Visitation will be on Sunday, March 31, 2019 from 4-6 PM at Zaharia Family Funeral Home in Truman. Funeral service will be held on Monday, April 1, 2019 at 10:30 Am at St. Paul’s Lutheran Church with Pastor Nathan Rusert officiating. Additional visitation one hour prior to the service at church. Interment with military honors will be at Vernon Center Cemetery, Vernon Center at 130 PM. Zaharia Family Funeral Home is entrusted with arrangements. www.ZahariaFamilyFuneral.com
Marvin was the youngest of eleven children and was born in Pleasant Mound Township on March 5, 1927 to Gustav Jr. and Mathilda (Salfisberg) Borkenhagen. He attended grade school at Fieldon, high school at Amboy, and the University of Minnesota School of Agriculture. He served in the United States Navy aboard the USS New Jersey in World War II. After the war, the Borkenhagen Brothers, (Ervin and Marvin) farmed and shelled corn. Marvin married Dorothy Mae Rice on March 9, 1952 at Faribault, MN. They were married for 63 years. Marvin farmed in Pleasant Mound as did his parents and grandparents. At rural Amboy, Dorothy and Marvin raised their three children: Brad, Bruce, and Beth. Marvin and Dorothy’s family farm corporation included Gopherland Cob Products which flourished under Marvin’s dedication and direction. The farm became a century farm in 1990 and the fourth and fifth generations will carry on its operation. Marvin was a proud member of the Madelia VFW and the Lewisville American Legion. Marvin was a member of St. Paul’s Lutheran in Truman. Marvin enjoyed his family, especially during the summer at the family cabin near Alexandria.

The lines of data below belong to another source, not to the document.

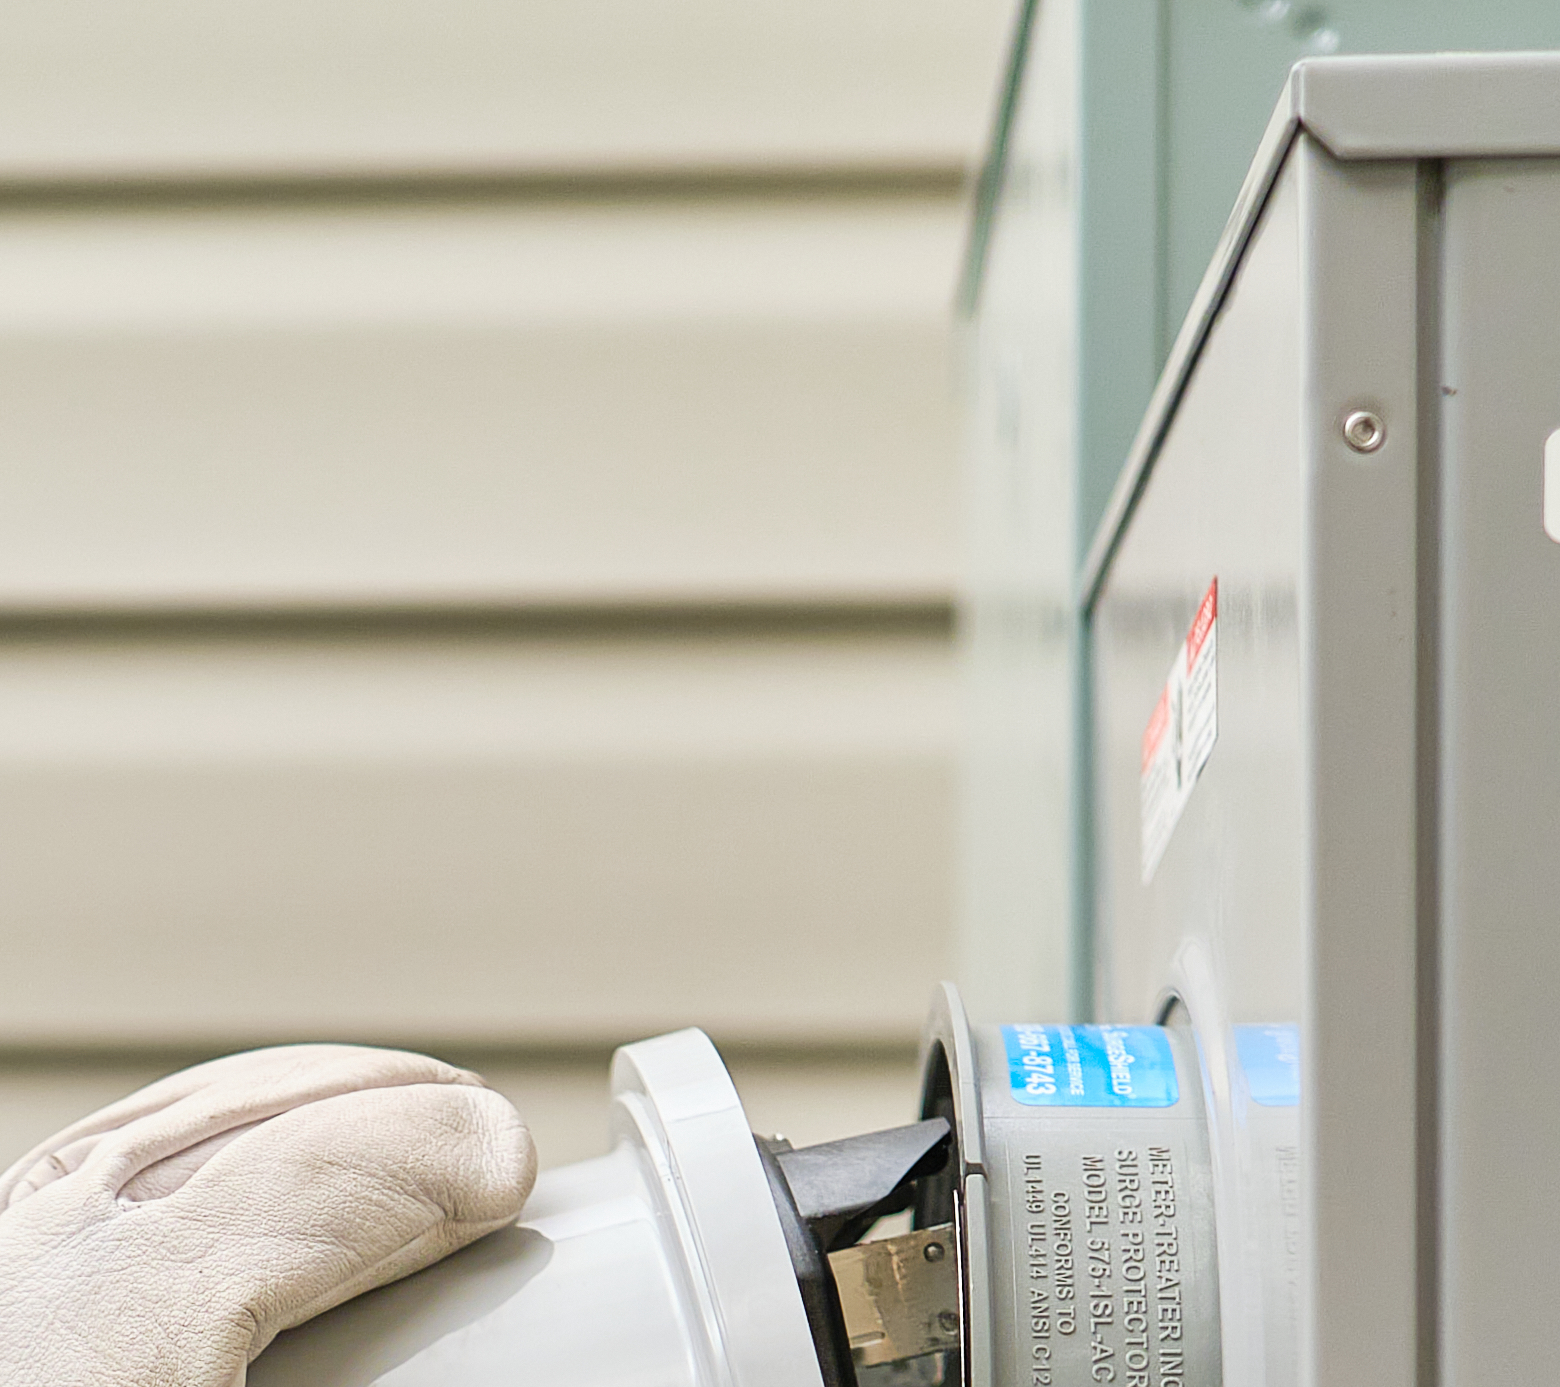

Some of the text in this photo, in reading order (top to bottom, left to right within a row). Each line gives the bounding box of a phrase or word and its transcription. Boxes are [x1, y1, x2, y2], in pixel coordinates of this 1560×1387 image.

[1081, 1155, 1104, 1231] MODEL
[1113, 1147, 1145, 1224] SURGE
[1051, 1191, 1076, 1336] CONFORMS TO
[1147, 1146, 1181, 1341] METER-TREATER
[1030, 1287, 1051, 1340] ANSI

Marvin Borkenhagen accomplished a lot in 92 years. He might have given you a job, loaned you some money, bought you a Grain Belt, dealt you a winning hand (often using the “Borkenhagen rules”), told you a darn good joke, shelled your corn, picked up your corn cobs, cooked you some bacon, gave you a ride somewhere, brought you along to a Vikings game or gave you tickets, shared his vegetables with you, talked politics, helped you land the fish that got a way, hunt a deer, or track a moose. He most likely gave you flack, told you to sleep it off, shot trap with you, he might have cleaned your clock if you were in the boxing ring with him—or you cleaned his, you might have gotten a ride on the snowmobile he made with his brother Erv or you used an auger they engineered. You might have gotten a big hug, you might have gotten a story about M&M Mountain, shot off a cannon with him, you might have learned the correct way to pull a weed or put the dock in, chop off the head of a chicken or clean a fish. Perhaps you got a whisker rub, got caught and tickled in the Grandpa trap, seen the twinkle in his eye, maybe you said a prayer with him or sat in the same pew at church, perhaps you benefited from all his knowledge and agricultural skills that he shared and practiced, taking care of the land, his family, and his neighbors right up to the last day he lived upon the earth. Marvin is survived by son, Brad (fiancé Cheryl); daughter, Beth Sieg (Lee); grandsons Jeff Sieg (Carmen), Brian Borkenhagen and Matt Sieg; granddaughters, Amy Lene Borkenhagen-Fuller, Jeni Salazar (Danny) and Brooke Borkenhagen (Ian); great-grandchildren Jorge Olea, Nick Sieg, Bryce Borkenhagen and Chance Salazar; and many nephews, nieces, cousins, and friends. Marvin was preceded in death by his parents; his wife, Dorothy; one son, Bruce; and ten siblings, Walter, Alvin, Clarence, Herbert, Viona, Ervin, Edwin, Arnold, Arlene and an infant sister.
In lieu of flowers, please consider donations to Martin Luther High School in Northrop or the Lutheran Hour.